(Data under study begins)

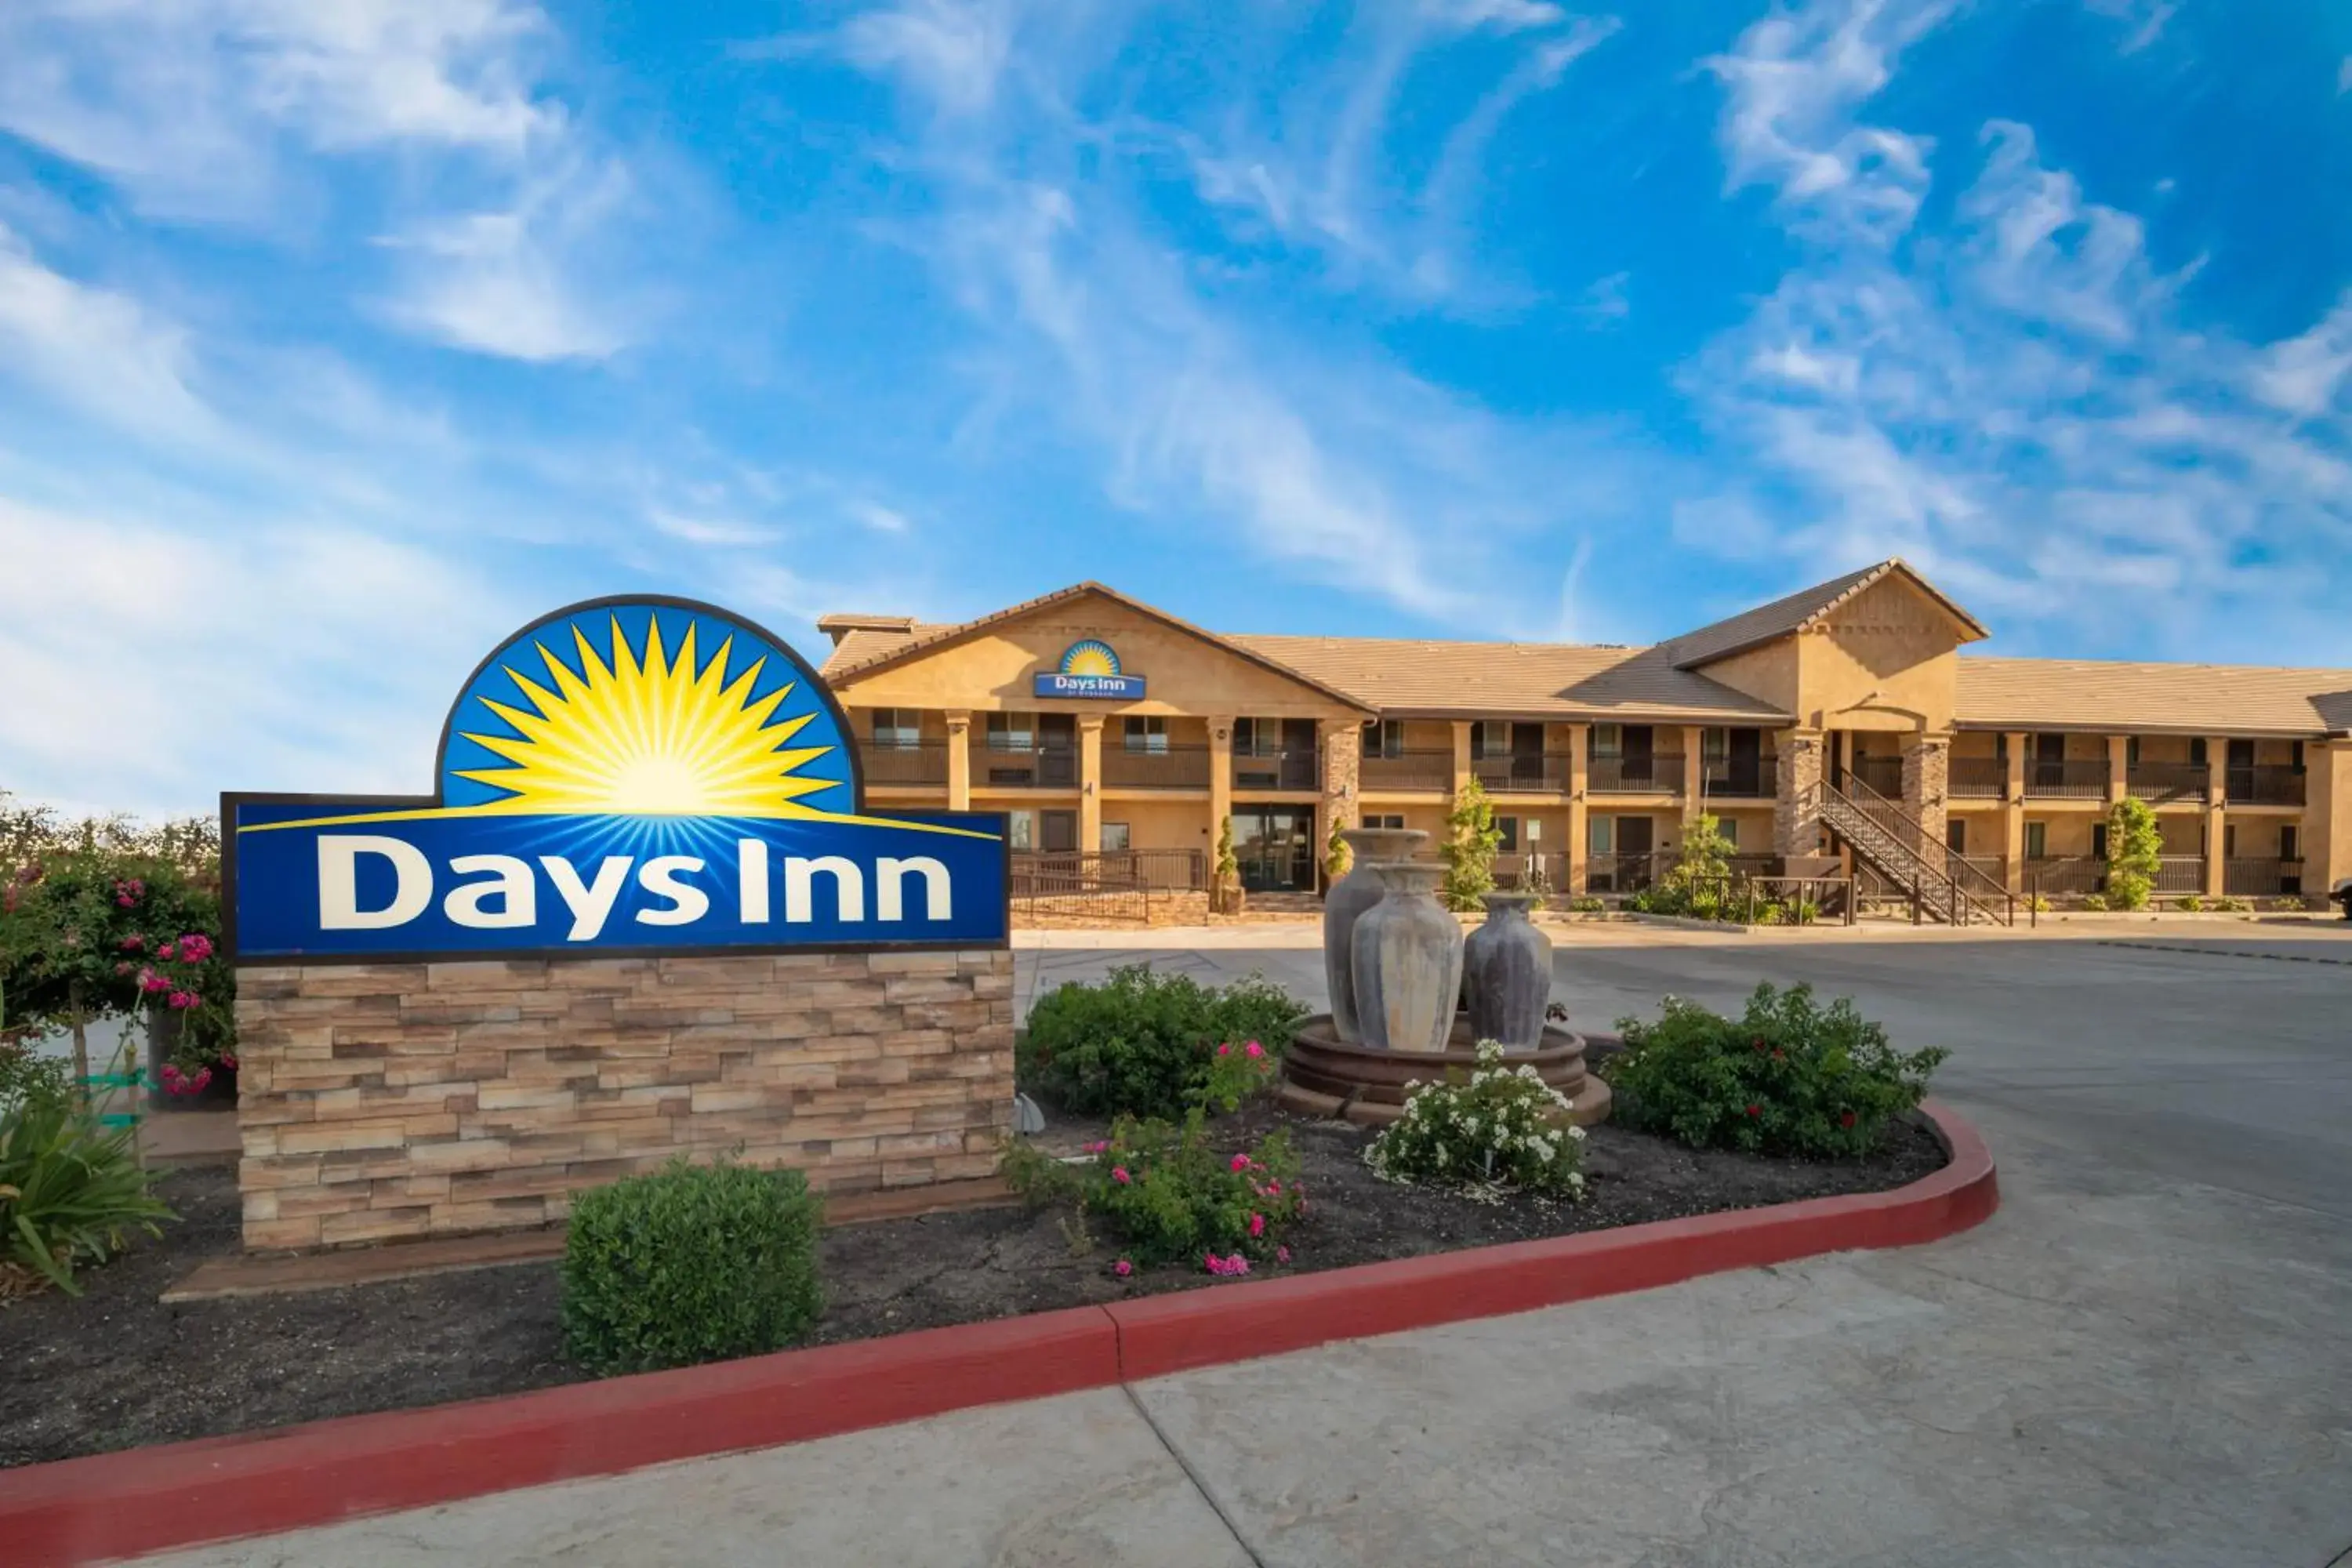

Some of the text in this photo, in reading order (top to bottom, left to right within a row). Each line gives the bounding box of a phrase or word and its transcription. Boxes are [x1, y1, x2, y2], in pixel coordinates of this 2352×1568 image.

[1055, 677, 1126, 691] Days Inn
[317, 835, 952, 942] Days Inn
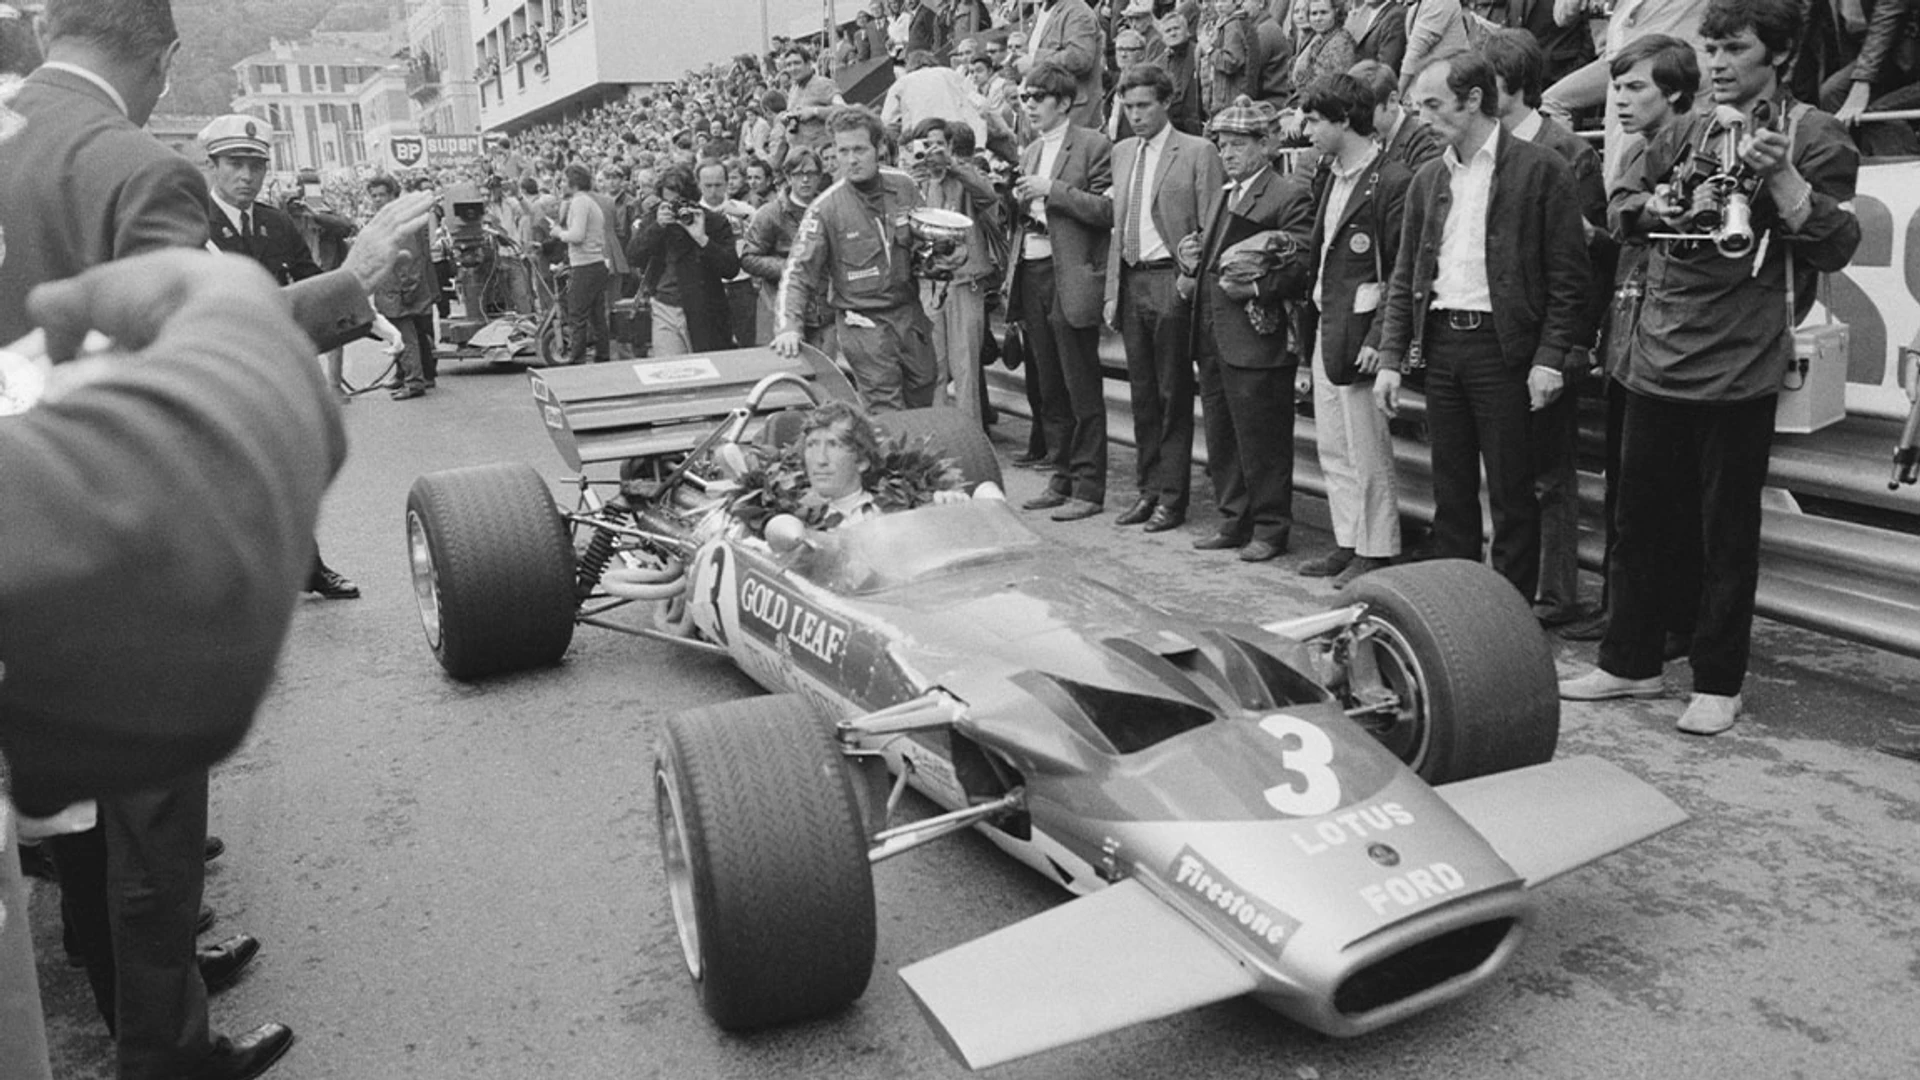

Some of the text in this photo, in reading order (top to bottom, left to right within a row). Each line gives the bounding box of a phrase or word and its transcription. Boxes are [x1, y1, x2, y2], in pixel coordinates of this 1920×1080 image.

[396, 142, 421, 160] BP
[427, 138, 479, 155] super
[709, 545, 729, 647] 3
[741, 578, 845, 663] GOLD LEAF
[1258, 713, 1342, 817] 3
[1291, 802, 1415, 856] LOTUS
[1174, 854, 1287, 945] Firestone
[1358, 861, 1466, 916] FORD

(Data under study ends)

### Work instructions
Could you please write out the entries exactly as they are, with every picture left out?

### The answer
Some of the text in this photo, in reading order (top to bottom, left to right within a row). Each line gives the bounding box of a phrase or word and its transcription. Boxes are [x1, y1, x2, y2], in pixel coordinates of this 2352×1568 image.

[1055, 677, 1126, 691] Days Inn
[317, 835, 952, 942] Days Inn

Some of the text in this photo, in reading order (top to bottom, left to right within a row). Each line gives the bounding box of a phrase or word and its transcription. Boxes are [x1, y1, x2, y2], in pixel coordinates of this 1920×1080 image.

[396, 142, 421, 160] BP
[427, 138, 479, 155] super
[709, 545, 729, 647] 3
[741, 578, 845, 663] GOLD LEAF
[1258, 713, 1342, 817] 3
[1291, 802, 1415, 856] LOTUS
[1174, 854, 1287, 945] Firestone
[1358, 861, 1466, 916] FORD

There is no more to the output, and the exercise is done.